Each entry below should be given again exactly; the pictures stay out.

Supplied records ::

[Start of Attachment]

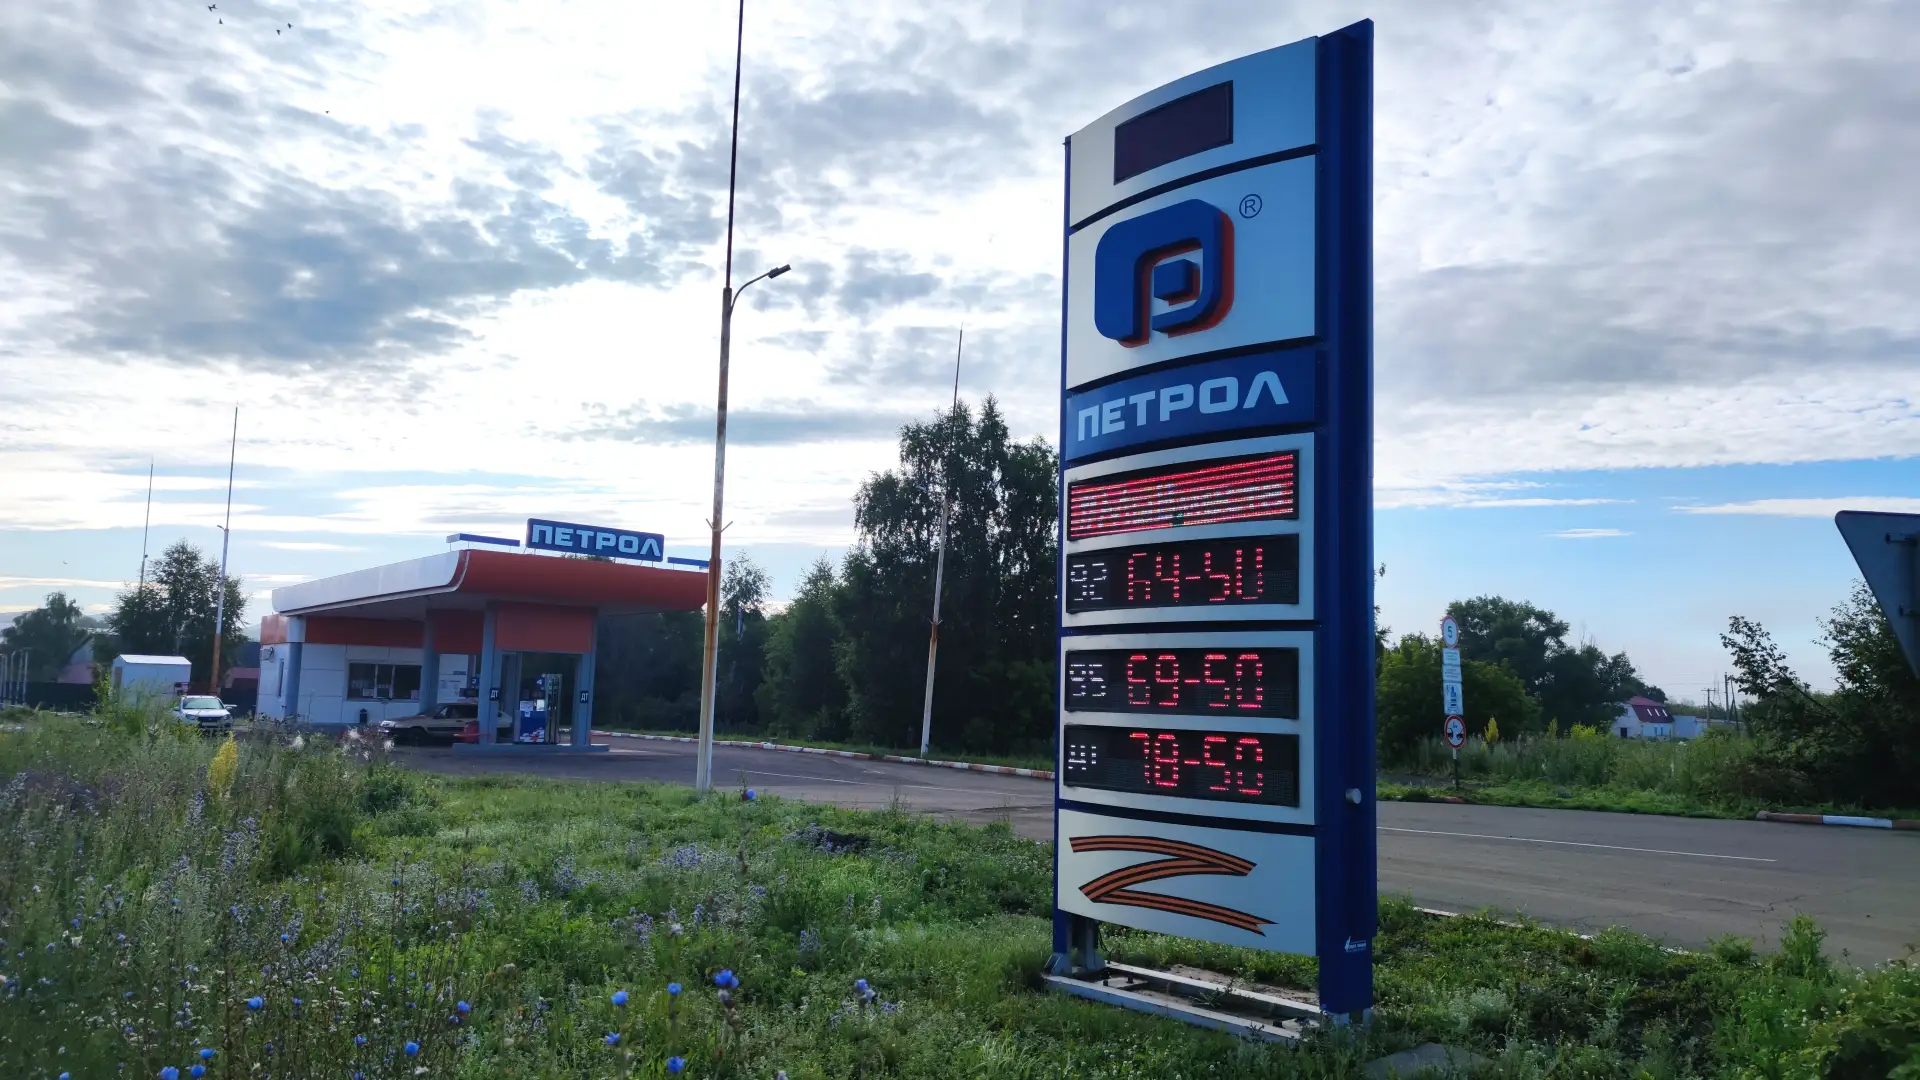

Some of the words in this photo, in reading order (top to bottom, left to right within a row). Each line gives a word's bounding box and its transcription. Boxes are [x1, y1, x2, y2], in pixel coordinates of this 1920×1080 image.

[1077, 370, 1290, 442] ПЕТРОЛ
[531, 523, 661, 557] ПЕТРОЛ
[1447, 626, 1453, 639] 5
[1069, 663, 1106, 697] 95
[1127, 653, 1263, 708] 69-50
[1128, 731, 1263, 795] 78-50
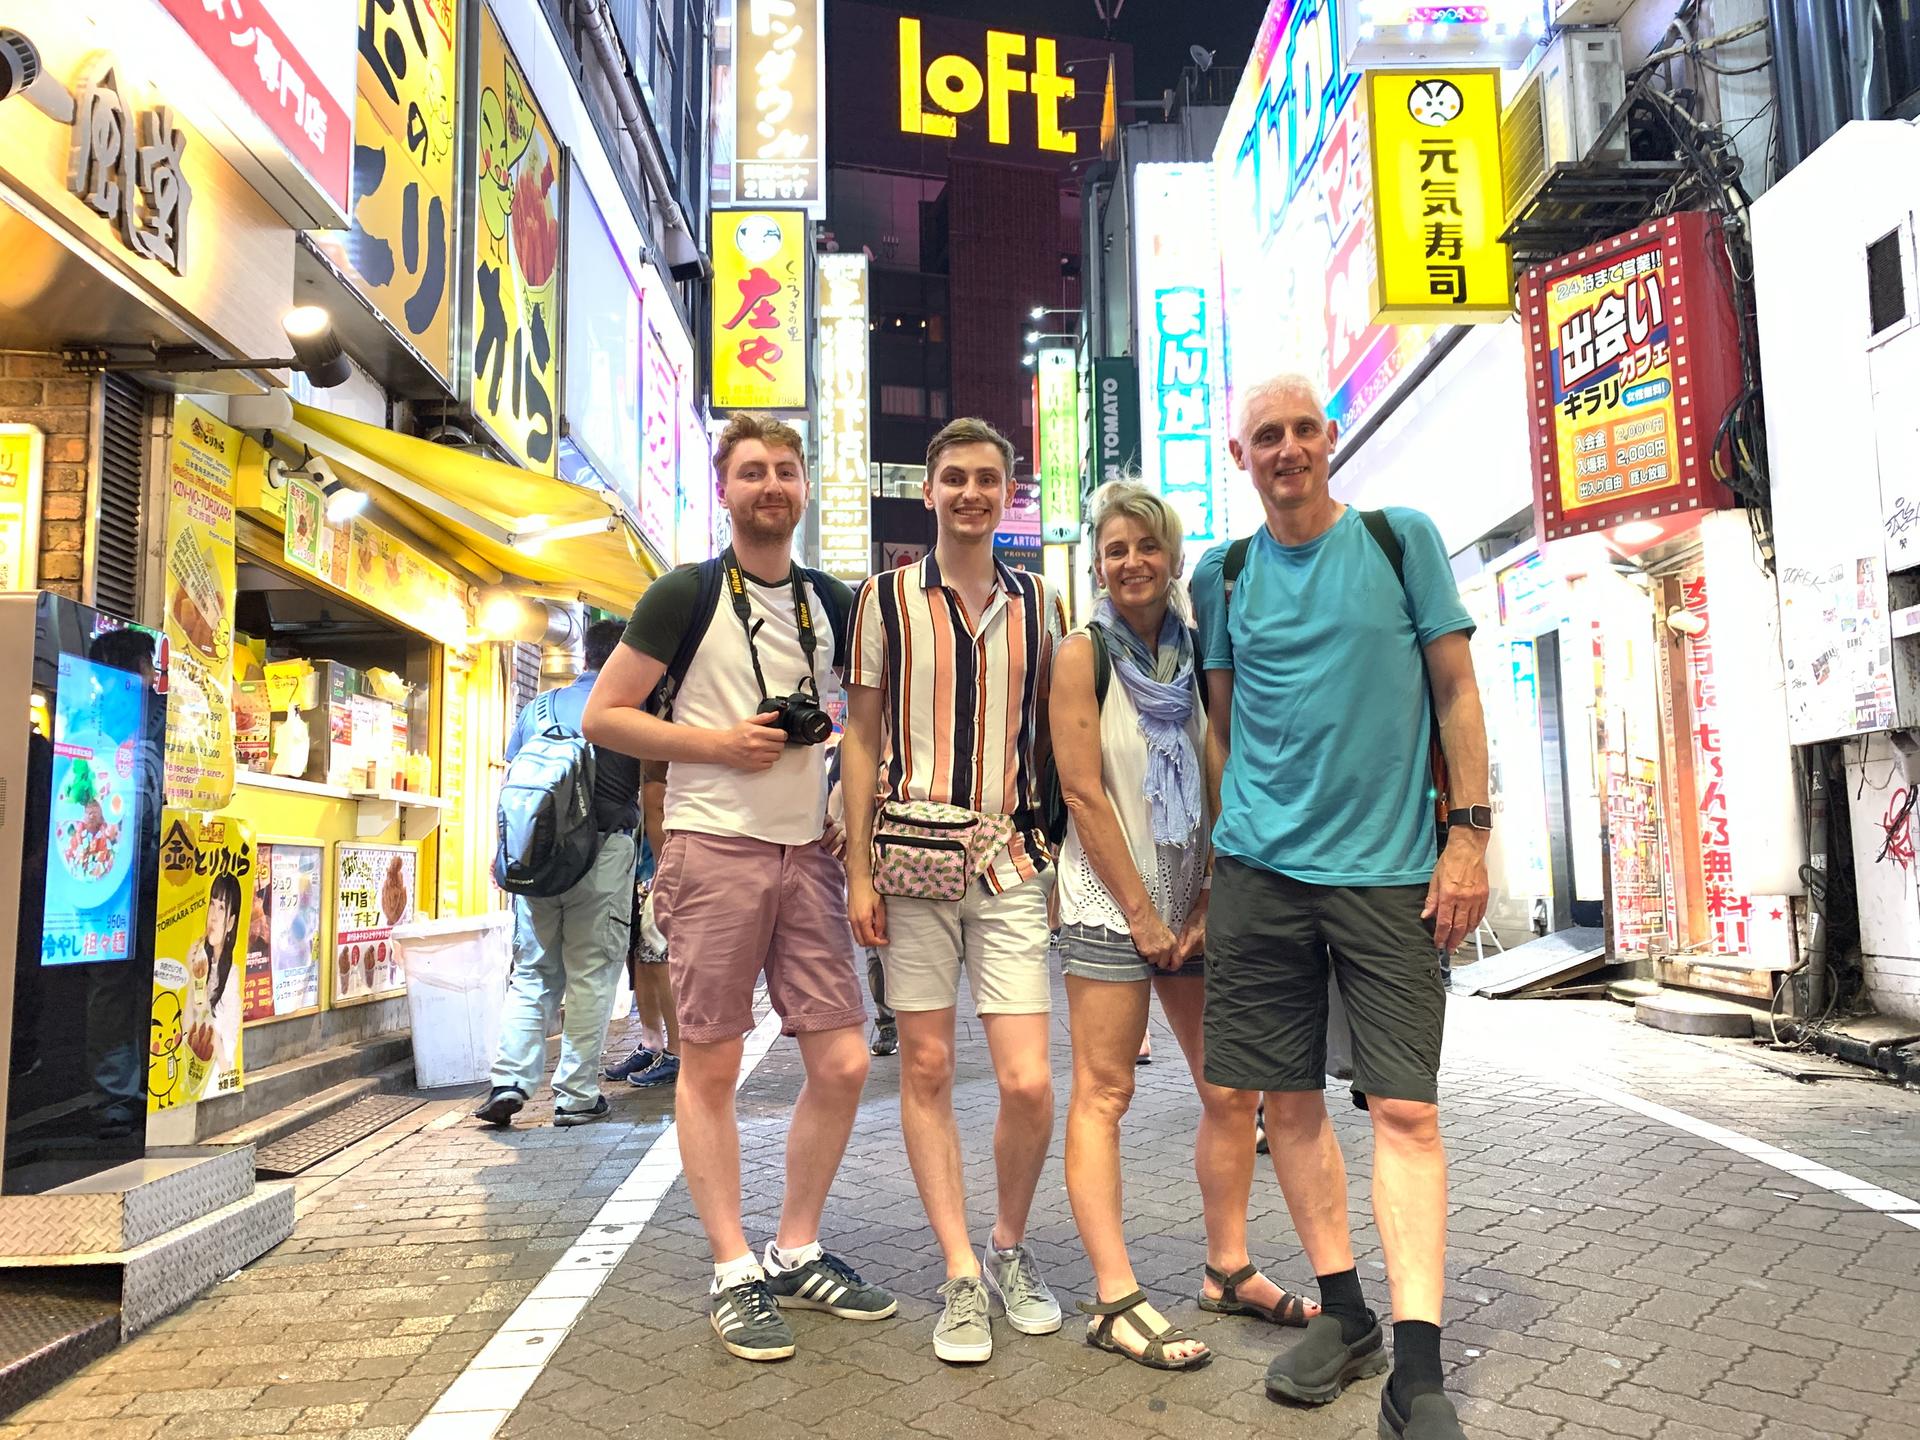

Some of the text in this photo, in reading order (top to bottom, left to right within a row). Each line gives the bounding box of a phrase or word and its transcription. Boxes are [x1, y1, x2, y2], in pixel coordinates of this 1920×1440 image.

[1419, 138, 1468, 304] 元気寿司
[722, 267, 783, 382] 庄や
[1560, 275, 1663, 388] 出会い
[1619, 341, 1670, 389] カフェ
[1103, 377, 1120, 457] TOMATO
[1564, 379, 1621, 420] キラリ
[1616, 438, 1666, 466] 2,000円
[729, 567, 744, 595] Nikon
[801, 602, 811, 629] Nikon
[157, 898, 207, 932] TORIKARA STICK
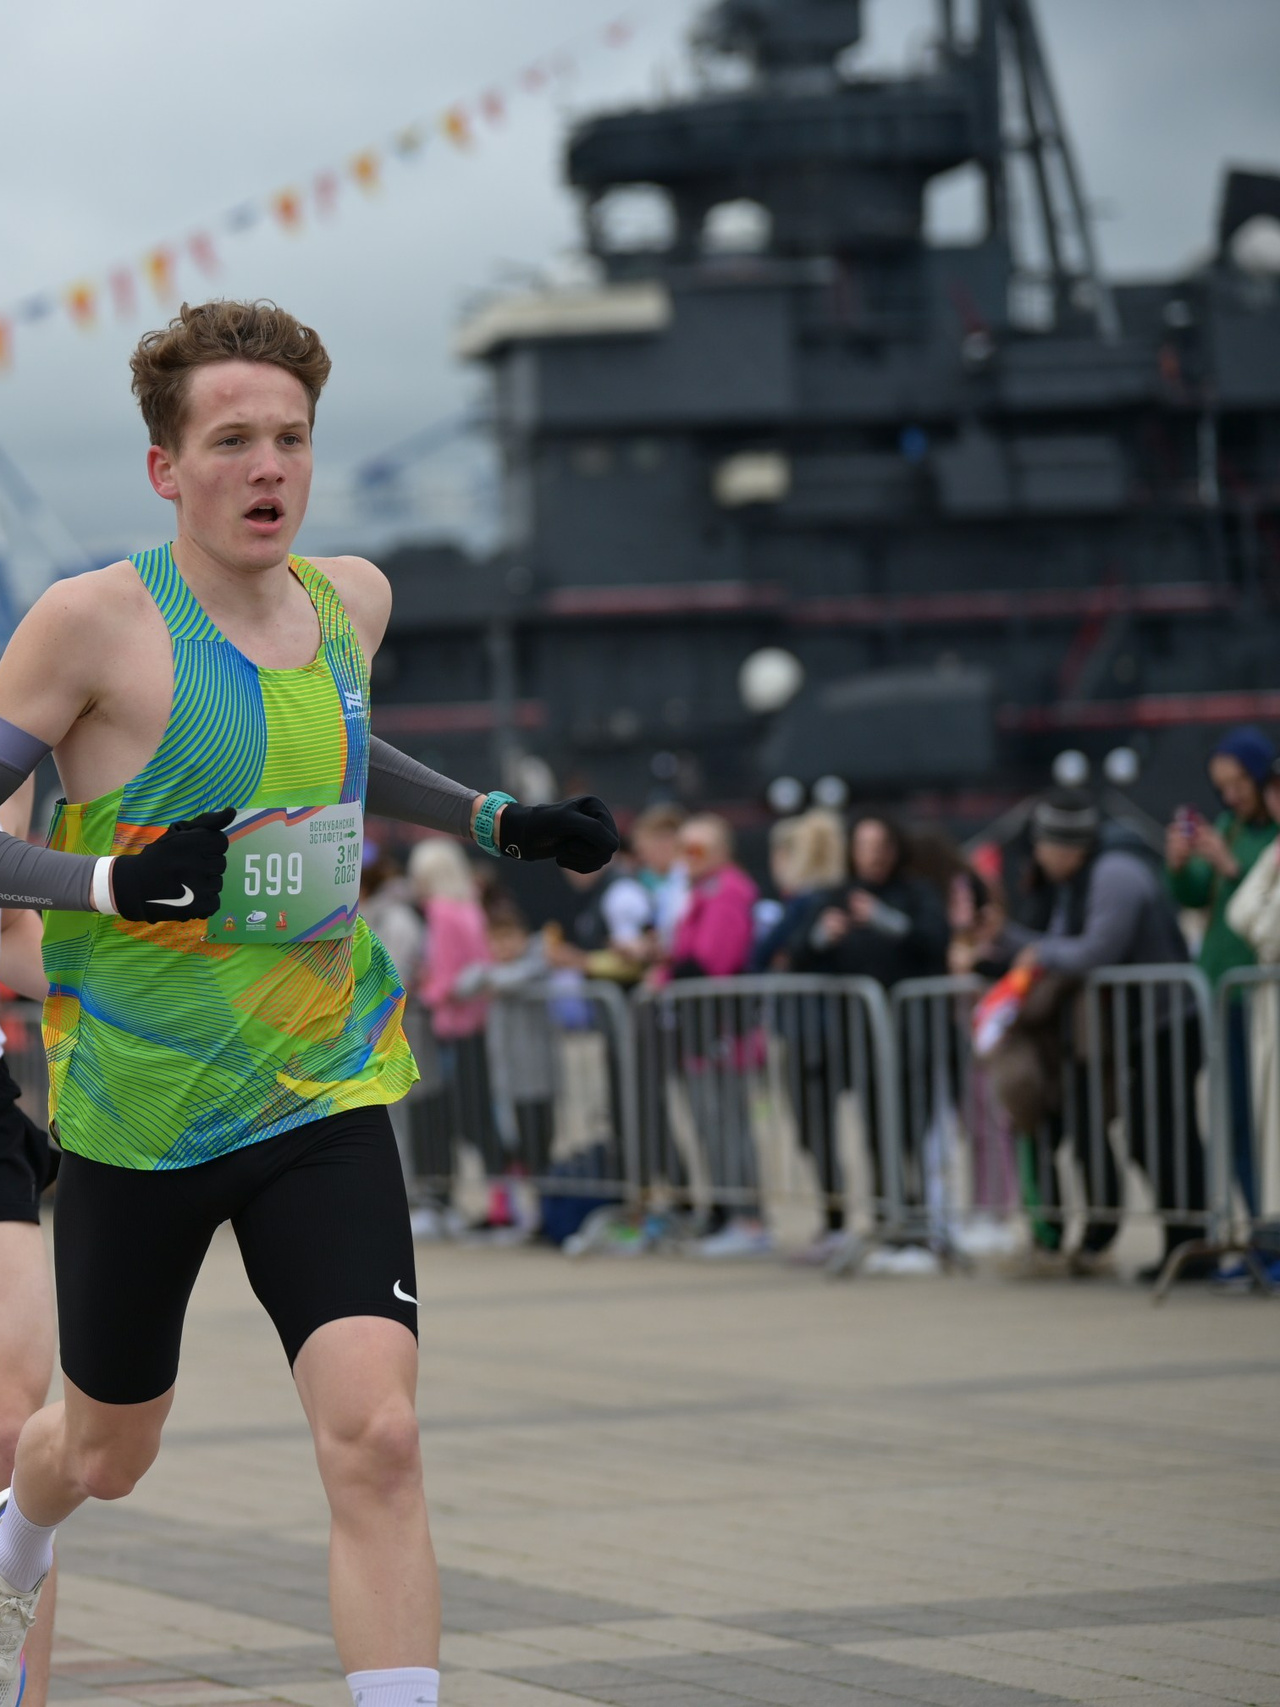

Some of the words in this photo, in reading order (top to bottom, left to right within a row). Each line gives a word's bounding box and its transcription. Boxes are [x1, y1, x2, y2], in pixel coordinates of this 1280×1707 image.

[309, 818, 355, 832] ВСЕКУБАНСКАЯ
[309, 832, 343, 845] ЭСТАФЕТА
[337, 845, 345, 864] 3
[347, 842, 360, 862] КМ
[244, 852, 302, 896] 599
[334, 864, 356, 885] 2025
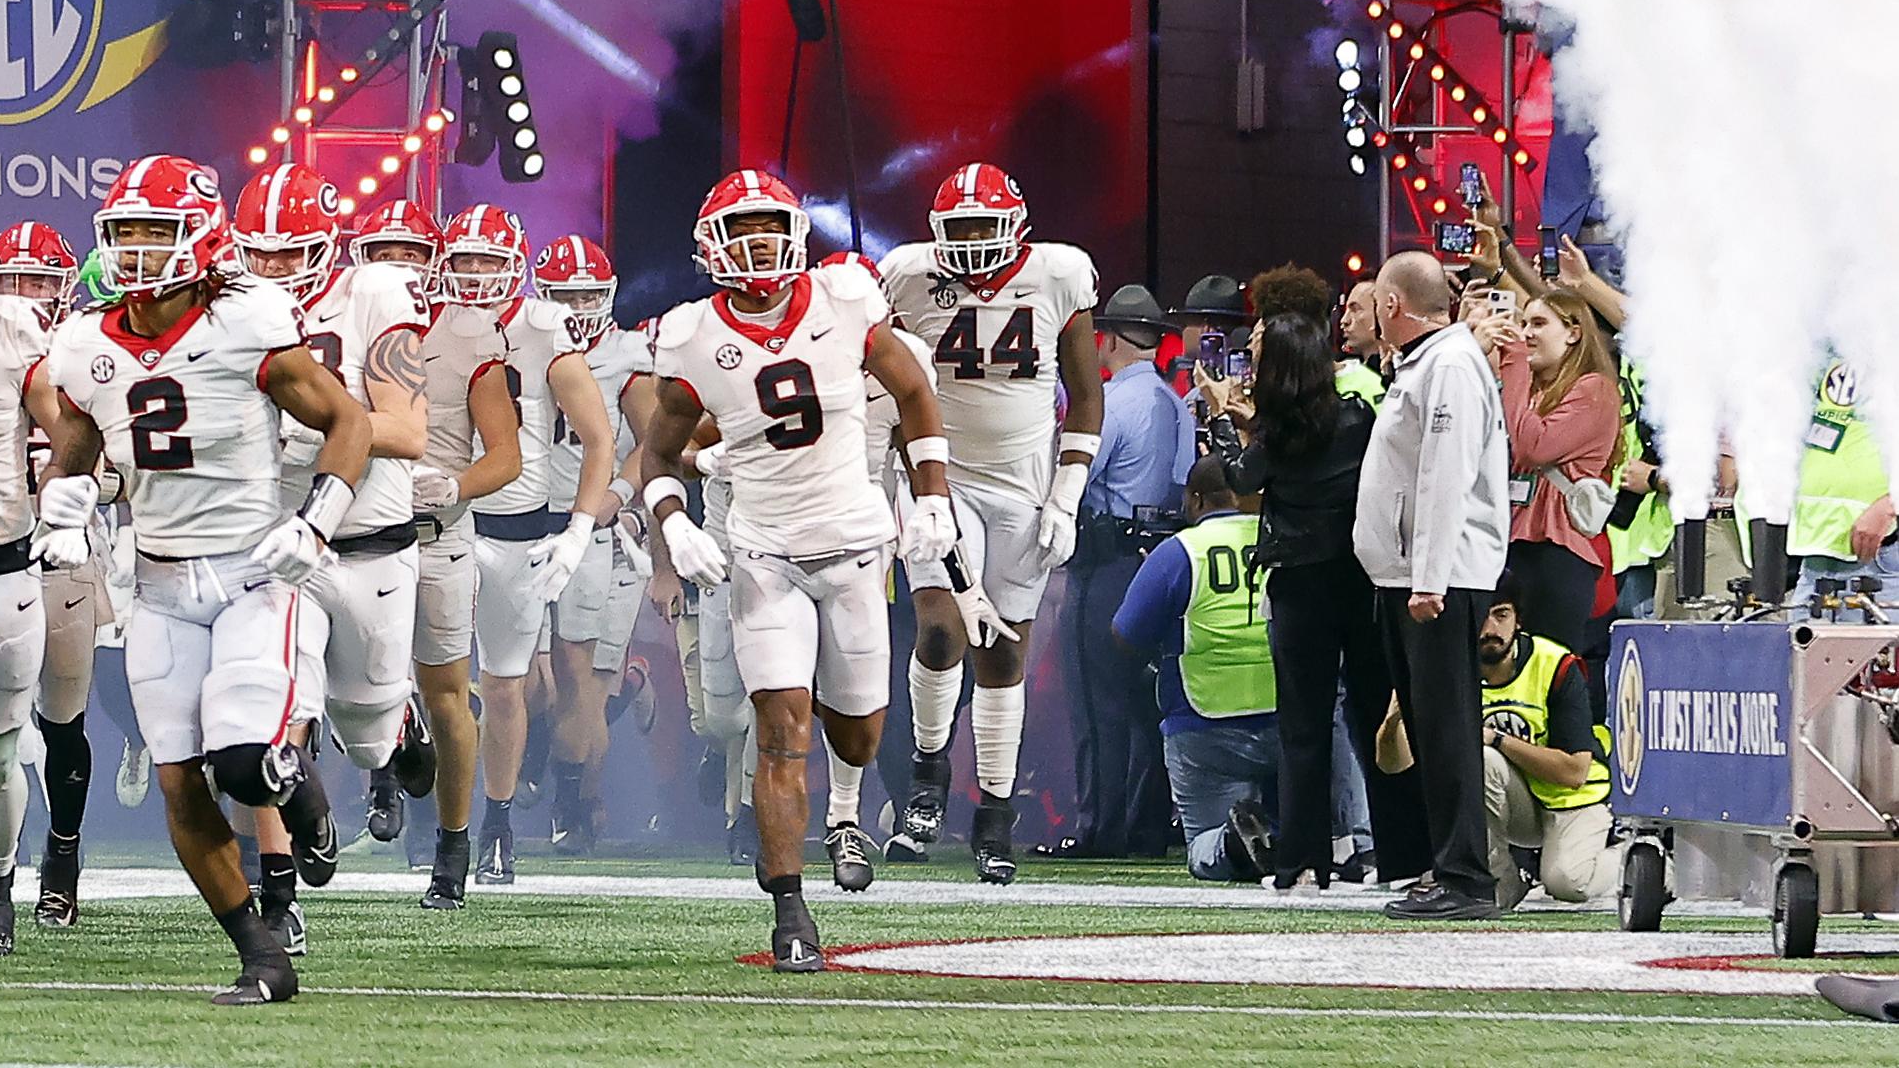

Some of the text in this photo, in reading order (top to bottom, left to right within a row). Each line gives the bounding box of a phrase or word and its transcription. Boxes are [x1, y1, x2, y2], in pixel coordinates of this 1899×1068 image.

[187, 170, 221, 202] G
[140, 349, 161, 366] G
[764, 335, 786, 351] G
[935, 307, 1040, 380] 44
[126, 376, 195, 471] 2
[756, 359, 824, 451] 9
[1648, 690, 1787, 756] IT JUST MEANS MORE.

[End of Attachment]

Written reply ::
Some of the words in this photo, in reading order (top to bottom, left to right within a row). Each line gives a word's bounding box and its transcription. Boxes are [x1, y1, x2, y2], in pixel coordinates of this 1920×1080 image.

[1077, 370, 1290, 442] ПЕТРОЛ
[531, 523, 661, 557] ПЕТРОЛ
[1447, 626, 1453, 639] 5
[1069, 663, 1106, 697] 95
[1127, 653, 1263, 708] 69-50
[1128, 731, 1263, 795] 78-50

Some of the text in this photo, in reading order (top to bottom, left to right within a row). Each line gives the bounding box of a phrase or word and its transcription. Boxes are [x1, y1, x2, y2], in pixel coordinates of this 1920×1440 image.

[1419, 138, 1468, 304] 元気寿司
[722, 267, 783, 382] 庄や
[1560, 275, 1663, 388] 出会い
[1619, 341, 1670, 389] カフェ
[1103, 377, 1120, 457] TOMATO
[1564, 379, 1621, 420] キラリ
[1616, 438, 1666, 466] 2,000円
[729, 567, 744, 595] Nikon
[801, 602, 811, 629] Nikon
[157, 898, 207, 932] TORIKARA STICK

Some of the words in this photo, in reading order (top to bottom, left to right within a row). Each line gives a word's bounding box and its transcription. Boxes are [x1, y1, x2, y2], in pixel coordinates of this 1280×1707 image.

[309, 818, 355, 832] ВСЕКУБАНСКАЯ
[309, 832, 343, 845] ЭСТАФЕТА
[337, 845, 345, 864] 3
[347, 842, 360, 862] КМ
[244, 852, 302, 896] 599
[334, 864, 356, 885] 2025

Some of the text in this photo, in reading order (top to bottom, left to right within a row). Each line gives the bounding box of a phrase or word and its transcription. Boxes are [x1, y1, x2, y2], in pixel coordinates of this 1899×1068 image.

[187, 170, 221, 202] G
[140, 349, 161, 366] G
[764, 335, 786, 351] G
[935, 307, 1040, 380] 44
[126, 376, 195, 471] 2
[756, 359, 824, 451] 9
[1648, 690, 1787, 756] IT JUST MEANS MORE.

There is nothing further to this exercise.